(Beginning of Data for this exercise)

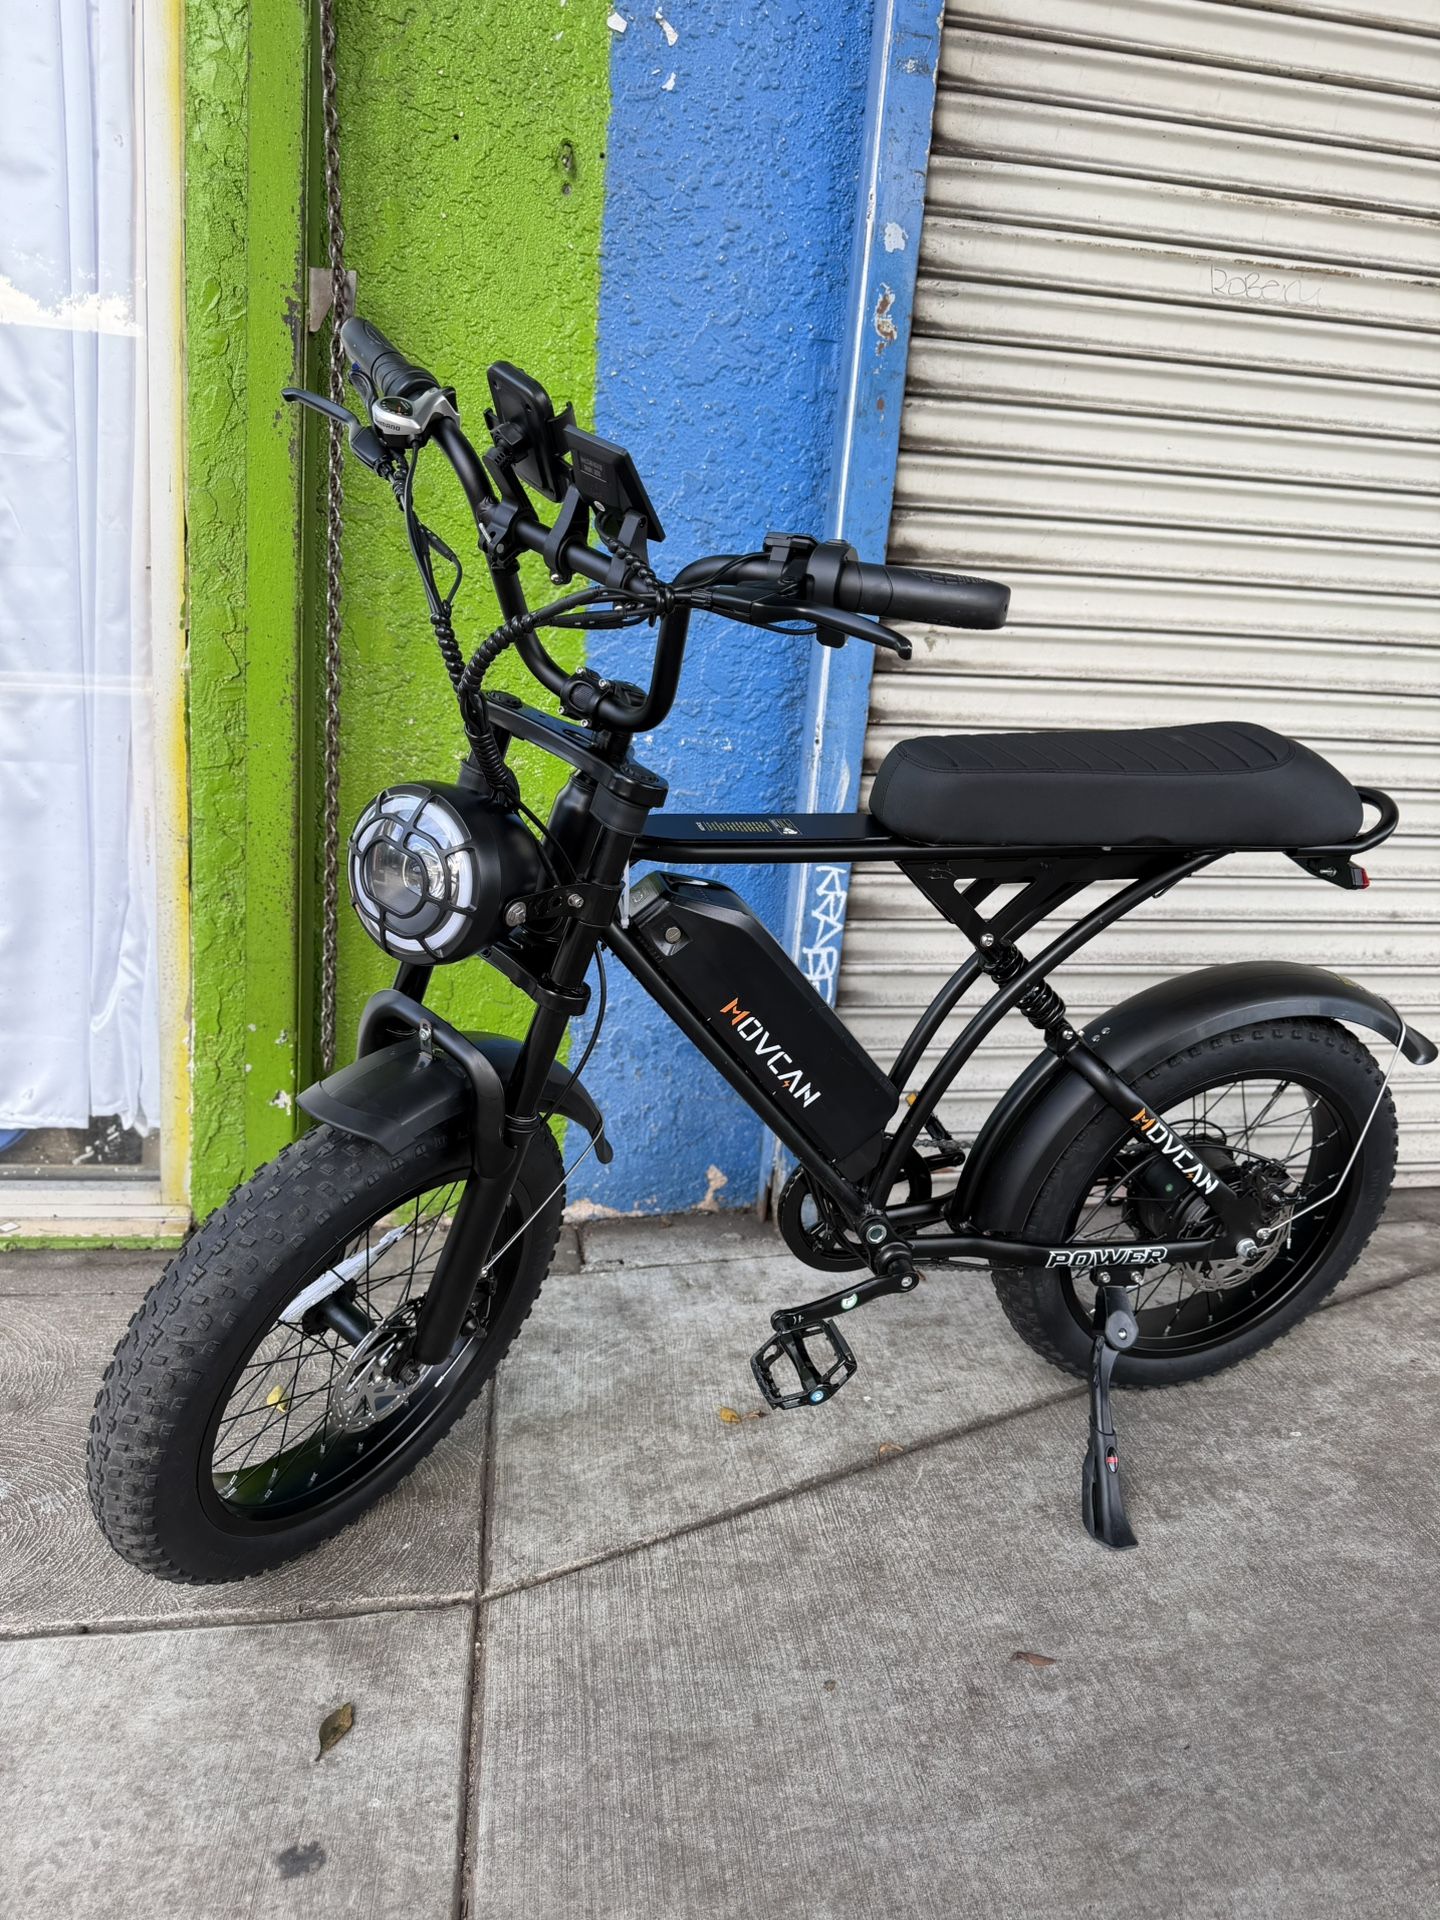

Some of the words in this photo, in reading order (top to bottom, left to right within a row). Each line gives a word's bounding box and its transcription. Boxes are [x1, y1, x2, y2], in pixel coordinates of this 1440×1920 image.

[720, 997, 821, 1108] MOVCAN
[1130, 1107, 1220, 1195] MOVCAN
[1045, 1246, 1168, 1268] POWER
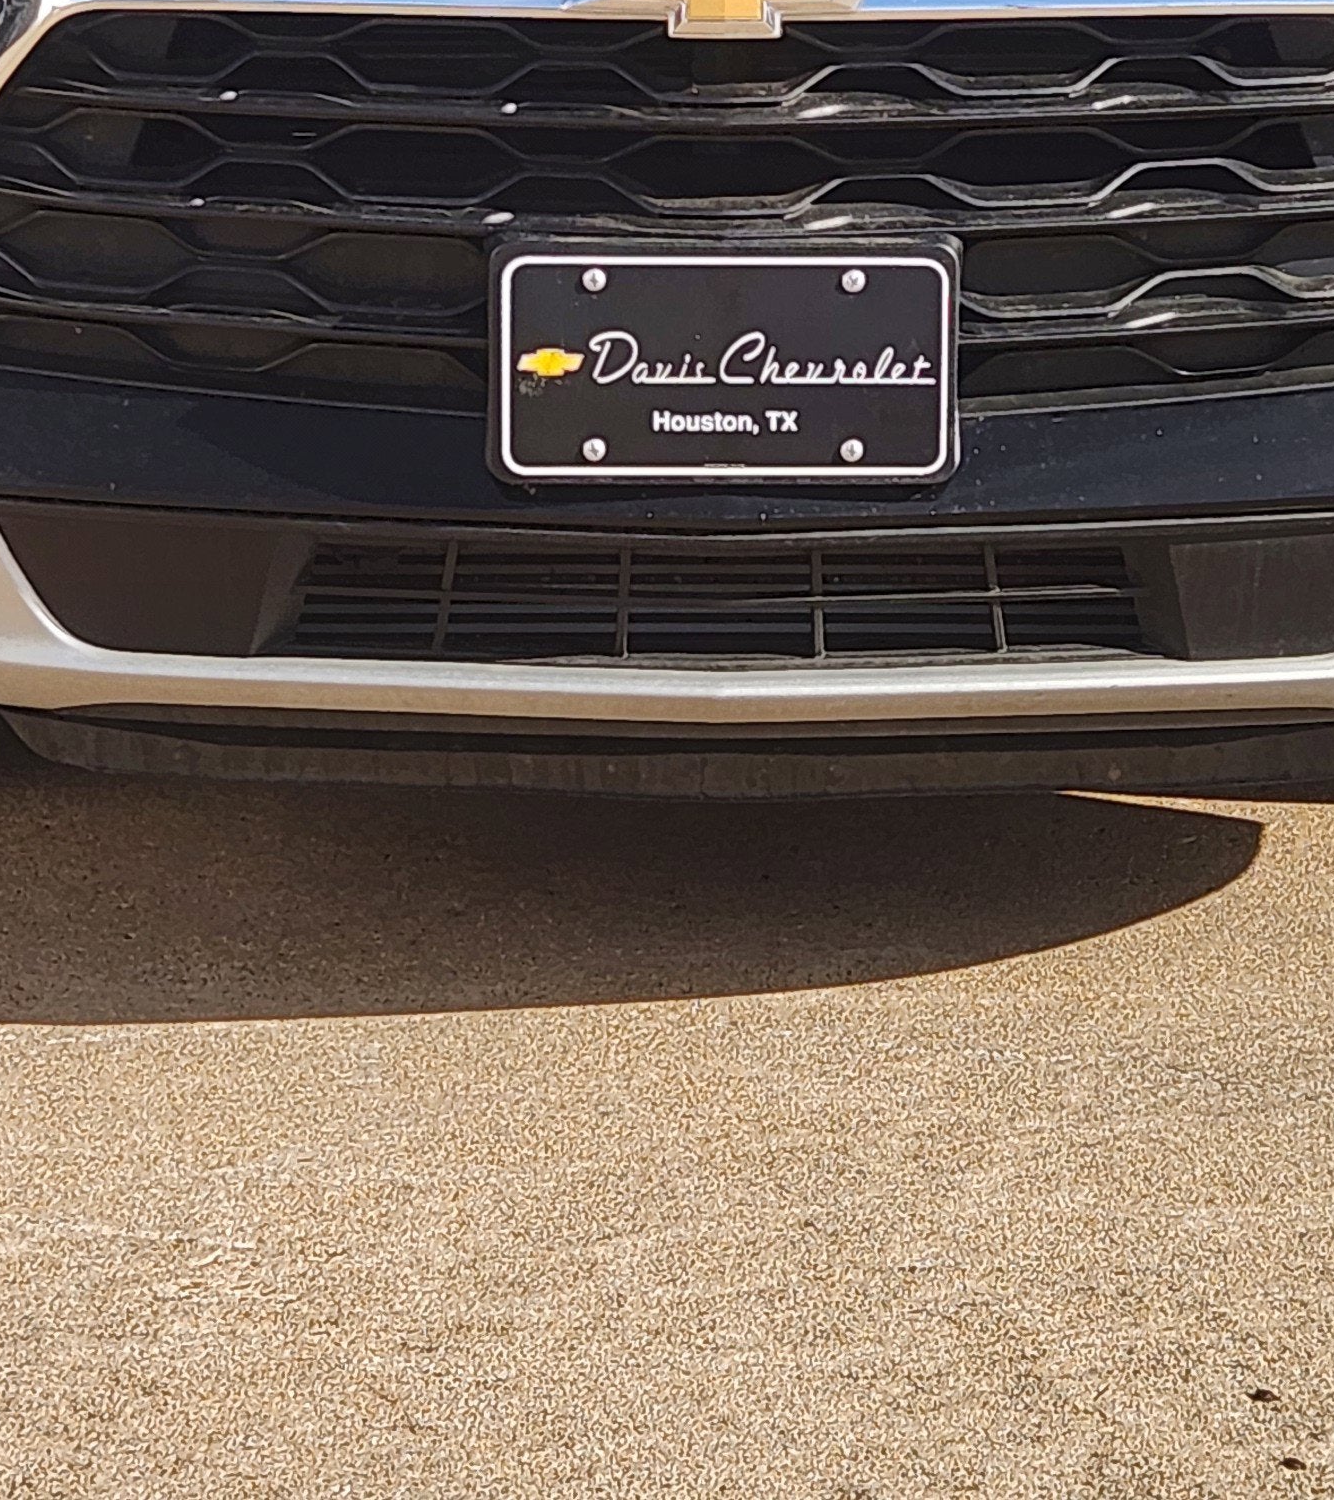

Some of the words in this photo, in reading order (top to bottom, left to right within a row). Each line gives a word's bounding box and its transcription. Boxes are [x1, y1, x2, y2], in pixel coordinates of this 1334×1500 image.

[589, 331, 716, 384] Davis
[719, 331, 937, 385] Chevrolet
[652, 410, 760, 435] Houston,
[765, 410, 798, 432] TX

(End of Data for this exercise)

Requirement
Drop the images and return the data verbatim.

Your response
Some of the words in this photo, in reading order (top to bottom, left to right within a row). Each line gives a word's bounding box and its transcription. Boxes are [x1, y1, x2, y2], in pixel coordinates of this 1440×1920 image.

[720, 997, 821, 1108] MOVCAN
[1130, 1107, 1220, 1195] MOVCAN
[1045, 1246, 1168, 1268] POWER

Some of the words in this photo, in reading order (top to bottom, left to right within a row). Each line gives a word's bounding box and its transcription. Boxes are [x1, y1, x2, y2], in pixel coordinates of this 1334×1500 image.

[589, 331, 716, 384] Davis
[719, 331, 937, 385] Chevrolet
[652, 410, 760, 435] Houston,
[765, 410, 798, 432] TX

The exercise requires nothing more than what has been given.